We are taking advantage of the Mediawiki foundation for Wikibase and the "discussion" pages that come along with the structured data part of items and properties. We use these for documenting the knowledgebase, similar to how "Property Talk" pages are used in Wikidata (but lacking that detailed structure at this point). But we are also using them as a content store in a couple of specific ways:
- Cache of source data when the source is less stable or messy to deal with (e.g., USGS staff profiles that have to be web scraped stored as YAML)
- Housing for additional text content such as abstracts and tables of contents for publications that may or may not undergo additional processing to identify linked data and build claims

iSAID

Some of the work from an older project called iSAID is being integrated into the GeoKB. This work dealt with building a graph representation for people, organizations, projects, publications, datasets, and models in the USGS. iSAID was focused on scientific capacity assessment use cases, particularly related to understanding the intersection across scientific disciplines in the USGS. Because we need the public aspects of these same entities in the GeoKB for many other use cases, we are porting that work into this project and refining it to work with the Wikibase model. As we bring this functionality into play, core Python processing logic for public data sources is being built into the isaid.py file that we'll eventually package up as a deployable.

Python Package

We are iteratively working to build our abstracted functionality in a deployable Python package based on the pywikibot package that impose the rules and conventions we are evolving for the GeoKB. Both that package and the notebooks may prove useful for other communinities. That package is being built by a contract group engaged in this work and will be spun up in a separate deployable repo soonish. In the near term, we have a class in the wbmaker.py file that is evolving to handle connection details and general functionality.

Other Tools

Other routes we are exploring will take advantage of the longstanding QuickStatements tool and related methods to produce QuickStatements encoding through OpenRefine. We are also exploring the use of GIS software where part of the work includes viewing a batch of items in a GIS (via point coordinate location with a property using the globe-coordinate datatype) and doing work on either the geospatial piece or associated property data. These will get fed back into the system via some type of bot action that will incorporate edits, including new items. The GIS part of this will take some additional work as we need to also deal with items in the GeoKB with more complex geometry, likely using a different approach than the Wikidata/Wikimedia Commons connection with the GeoShape datatype.

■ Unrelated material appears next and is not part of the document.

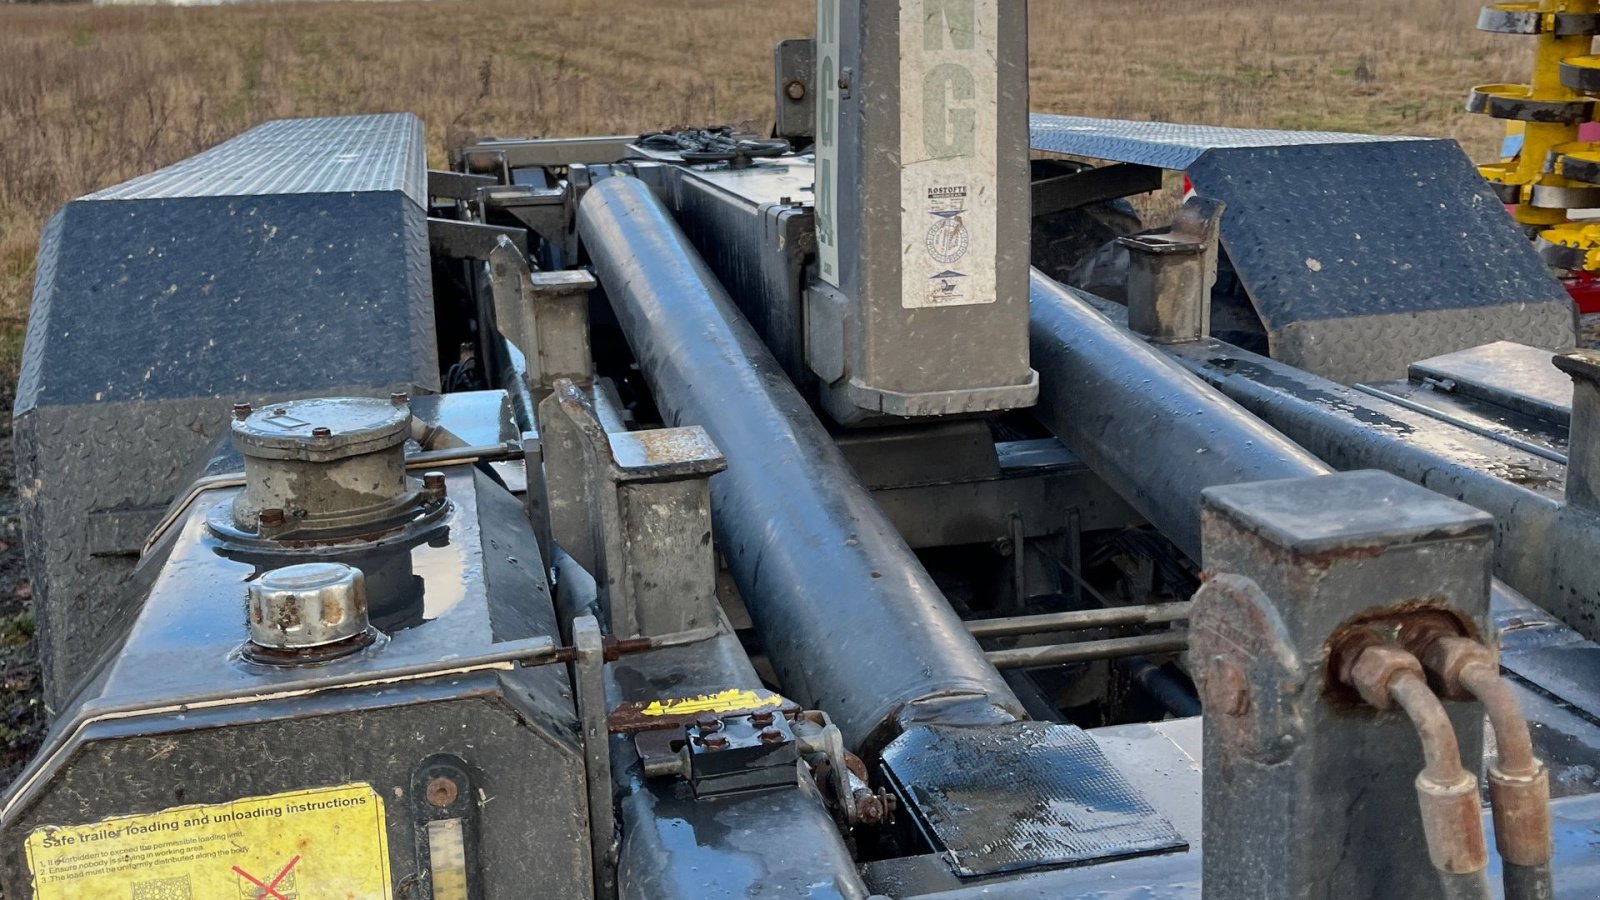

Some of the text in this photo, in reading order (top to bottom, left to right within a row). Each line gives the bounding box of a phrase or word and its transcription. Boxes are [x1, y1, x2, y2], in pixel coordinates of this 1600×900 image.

What we've discovered so far is that the knowledge graph needs to get to a particular tipping point where there is enough reference material built into the knowledge representation that many other users can contribute by building links to those items. Each body of concepts that will form objects linked through predicates to subject items being introduced needs to be thought through to a the point where they can be instantiated effectively. We still need to develop an effective operational model for working through these dynamics.

Dependencies

See the environment.yml for a baseline Conda environment if you choose to go that route. My environment is built on a Python 3.11 base with Mamba (lighter weight Conda Forge-backed manager). You can build it however you want, though, and other versions of the basic dependencies should work.

In some cases, I am running code on cloud-based Jupyter server environments where I need either more processing power or access to specialized data. These include the Microsoft Planetary Computer Hub (Pangeo environment) where I've accessed some of their public datasets like U.S. Census sources and the ESIPLab's Nebari environment where I'm experimenting with processing methods of use to ESIP projects. We also have an internal Pangeo environment for the USGS, but because we are only dealing with public data sources here, there has been no need to work with that internal platform.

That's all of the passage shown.